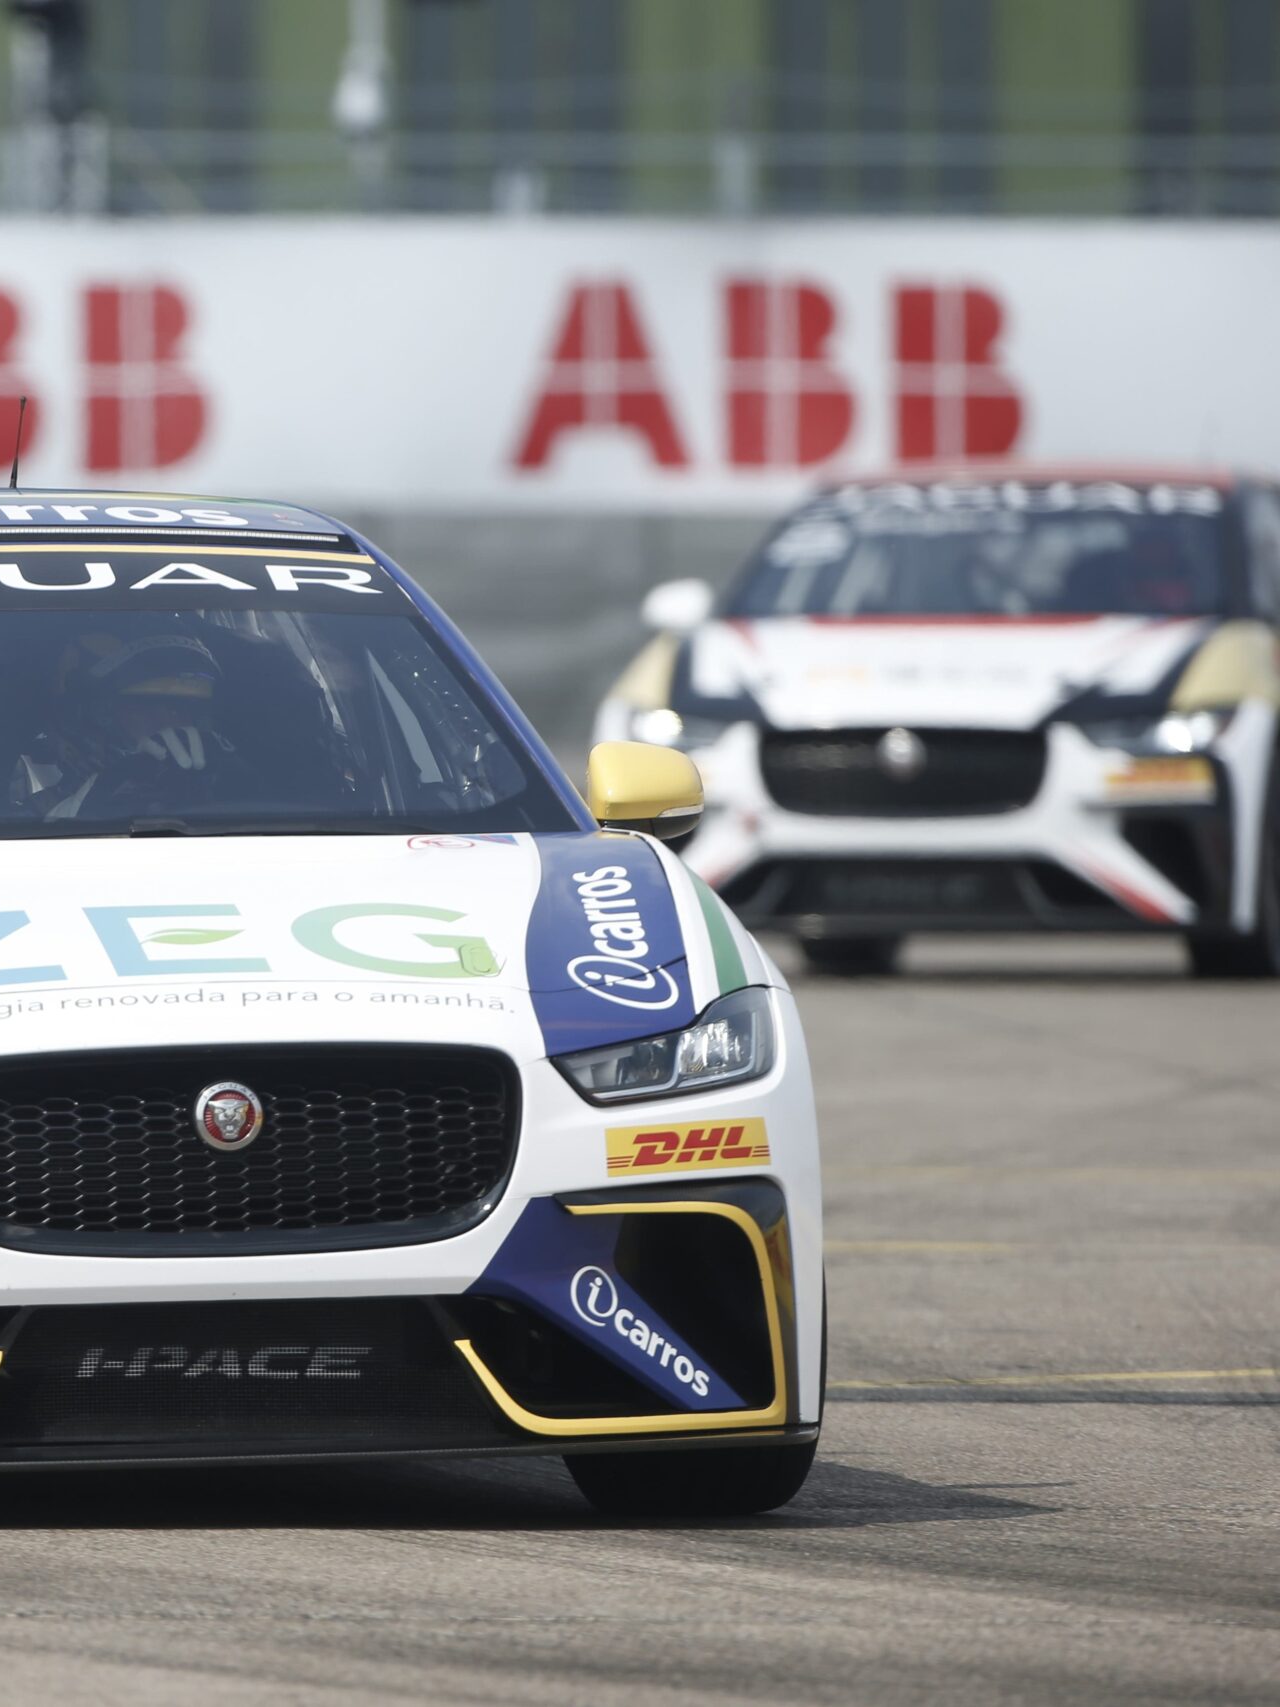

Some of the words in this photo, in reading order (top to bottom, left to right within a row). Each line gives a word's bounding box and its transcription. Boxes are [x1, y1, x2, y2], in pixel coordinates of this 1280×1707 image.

[514, 282, 1025, 468] ABB
[60, 988, 226, 1011] renovada
[241, 992, 319, 1009] para
[334, 992, 354, 1003] o
[369, 990, 517, 1014] amanhã.
[632, 1126, 753, 1167] DHL
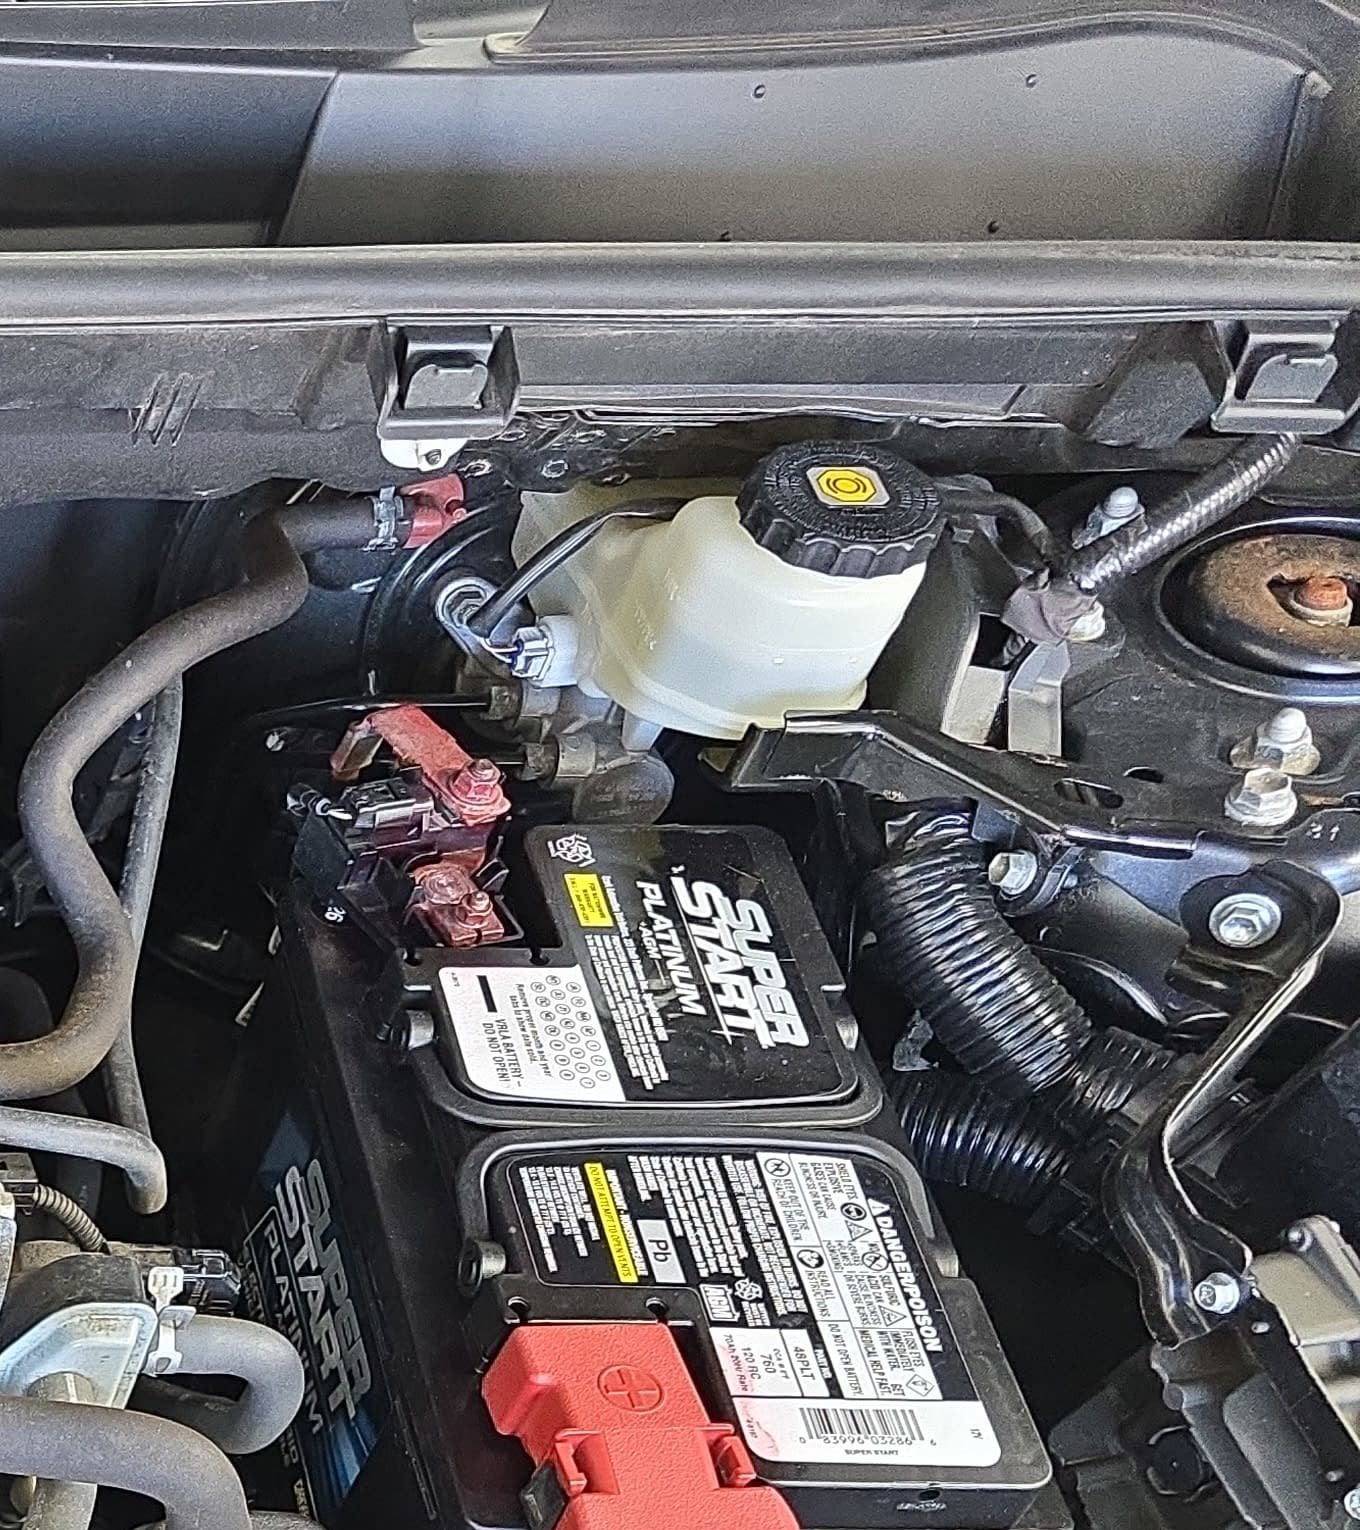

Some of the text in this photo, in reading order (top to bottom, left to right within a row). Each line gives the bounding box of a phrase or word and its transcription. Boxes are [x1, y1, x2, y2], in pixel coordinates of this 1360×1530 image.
######
▶ _Your goal_: Your copy of the material above should be exact and free of pictures.

▶ _Problem solution_:
Some of the words in this photo, in reading order (top to bottom, left to right within a row). Each line gives a word's bounding box and its transcription. Boxes are [x1, y1, x2, y2], in pixel coordinates of this 1280×1707 image.

[514, 282, 1025, 468] ABB
[60, 988, 226, 1011] renovada
[241, 992, 319, 1009] para
[334, 992, 354, 1003] o
[369, 990, 517, 1014] amanhã.
[632, 1126, 753, 1167] DHL

Some of the text in this photo, in reading order (top to bottom, left to right within a row). Each line gives the bounding box of a phrase or word and its transcription. Boxes are [x1, y1, x2, y2], in pixel coordinates of this 1360×1530 image.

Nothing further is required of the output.